Melt butter in a large nonstick skillet over medium-high heat. Add almonds, sunflower kernels, and noodles; cook 3 minutes or until lightly toasted, tossing occasionally. Spoon mixture into a large bowl; cover and chill. Add vinegar mixture to noodle mixture; let stand 15 minutes. Add cabbage, carrot, and onions, tossing to coat.

calories: 183 carbohydrates: 29 g cholesterol: 3 mg fat: 6.1 g sodium: 259 mg protein: 4.4 g calcium: 68 mg iron: 1.1 mg fiber: 2 g

YIELD: 12 servings (serving size: 3/4 cup)

Thai Chicken Roll-Ups

These roll-ups are great for picnics, but remember to keep them properly cooled. Include a blue chill pack in your basket to keep the filling at a safe temperature.

2 tablespoons lime juice
2 tablespoons light mayonnaise
1 tablespoon reduced-fat peanut butter
1/2 teaspoon ground ginger
1/8 teaspoon ground red pepper
1 garlic clove, crushed
4 (10-inch) flour tortillas
1/2 cup chopped fresh basil
4 large napa (Chinese) cabbage leaves
6 ounces thinly sliced deli-roasted chicken or turkey breast
1 cup red bell pepper strips

Prep Time: 15 minutes
Combine first 6 ingredients in a bowl; stir well with a whisk.

Spread each tortilla with 1 tablespoon mayonnaise mixture. Top each tortilla with 2 tablespoons basil, 1 cabbage leaf, one-fourth of chicken, and 1/4 cup bell pepper, and roll up. Wrap in plastic wrap; chill.

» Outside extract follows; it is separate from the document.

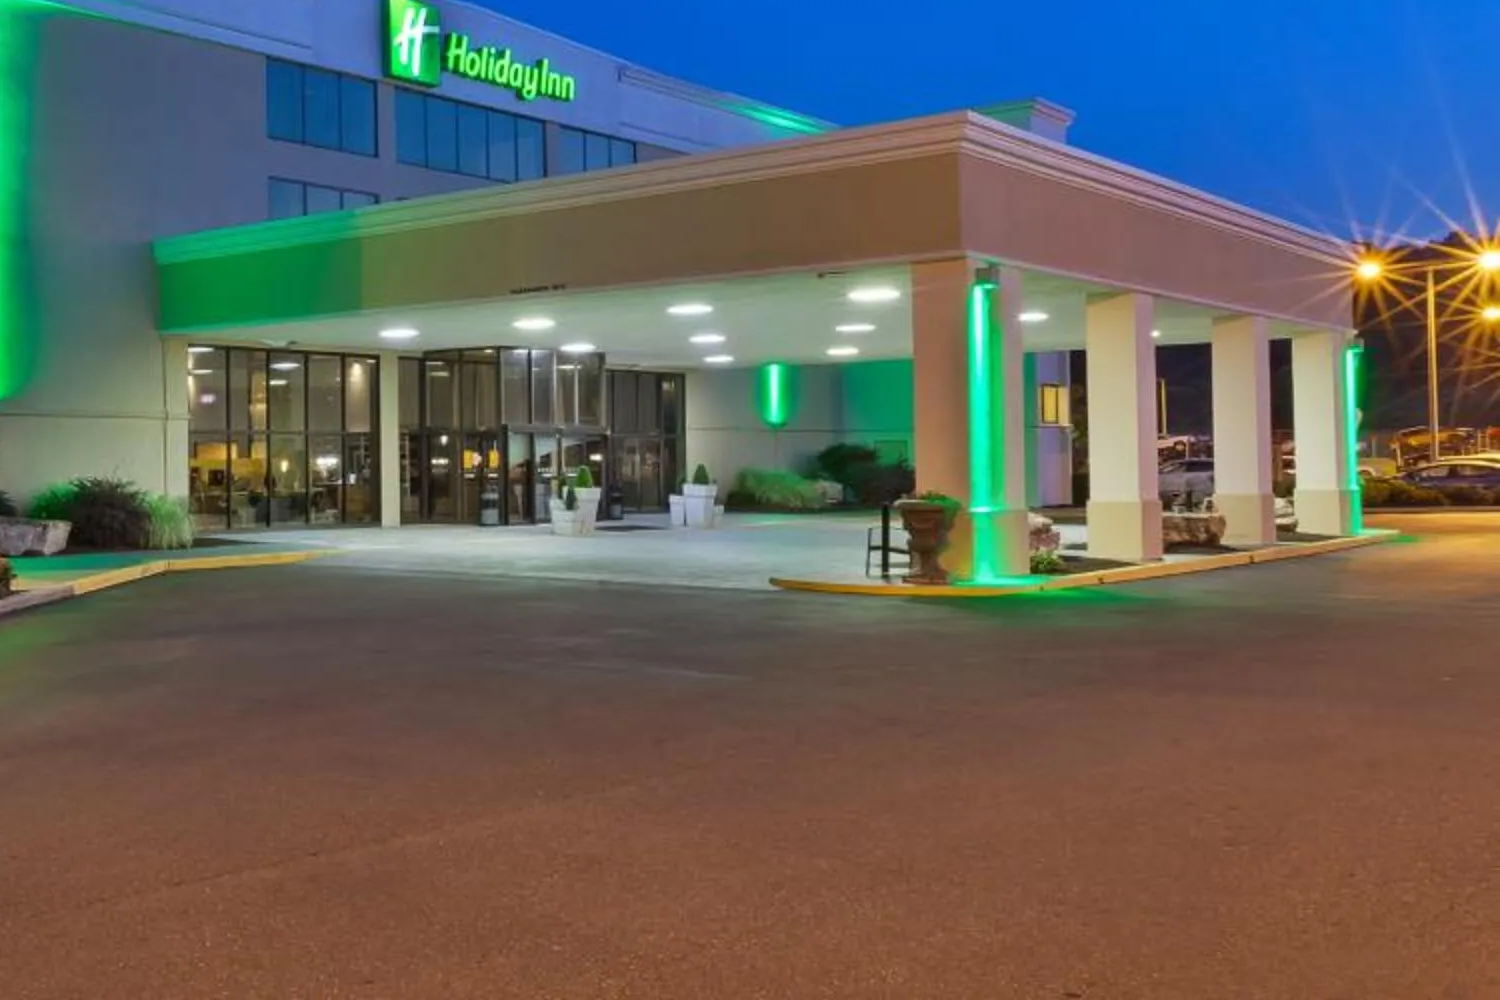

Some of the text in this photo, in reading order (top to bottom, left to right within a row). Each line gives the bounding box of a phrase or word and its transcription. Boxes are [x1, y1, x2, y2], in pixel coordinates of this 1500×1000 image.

calories: 319 carbohydrates: 39.8 g cholesterol: 2 mg fat: 10.3 g sodium: 763 mg protein: 15.9 g calcium: 98 mg iron: 2.8 mg fiber: 2.4 g

YIELD: 4 servings


Chinese Cabbage Salad- (Completely Raw Dish)

Salad Part:
1 head of Napa Cabbage- finely shredded
2 large carrots- finely shredded
1 bunch green onions- finely chopped
Crunchy Part:
1 package Ramen Noodles- crushed into bits &  toasted (uncooked), also discard season packet, it is not used. 

1 & 1/2 cups thinly sliced  almonds- toasted 

 1/3 cup rice wine vinegar
1/3 cup light tasting oil- such as light olive oil, or almond oil.  Not EVOO, because the taste is too strong
1/3 cup sugar
 optional- 1 teaspoon of  Vietnamese chili garlic sauce for a bit of heat or spice
Hint for Salad- The noodles and almonds with absorb the sauce if left sitting together overnight, and become mushy, and NOT tasty.   Its the crunch that makes this salad so great,  so we keep the parts separate until ready to serve. If you think there might be a lot of leftovers (and don't want them ruined by being mushy), you can keep all the parts separate, and  put them together on your plate when ready to eat!  

This was mostly my mothers recipe (Ida Whitted)- I'm not sure where she got it from,  I've eaten it my while life, but my husband Phillip, added the optional Vietnamese chili garlic sauce a few years ago, and it really changes the dish. You can make is as mild or as spicy as you like, but I encourage everyone to try it with the spice, it  is amazing!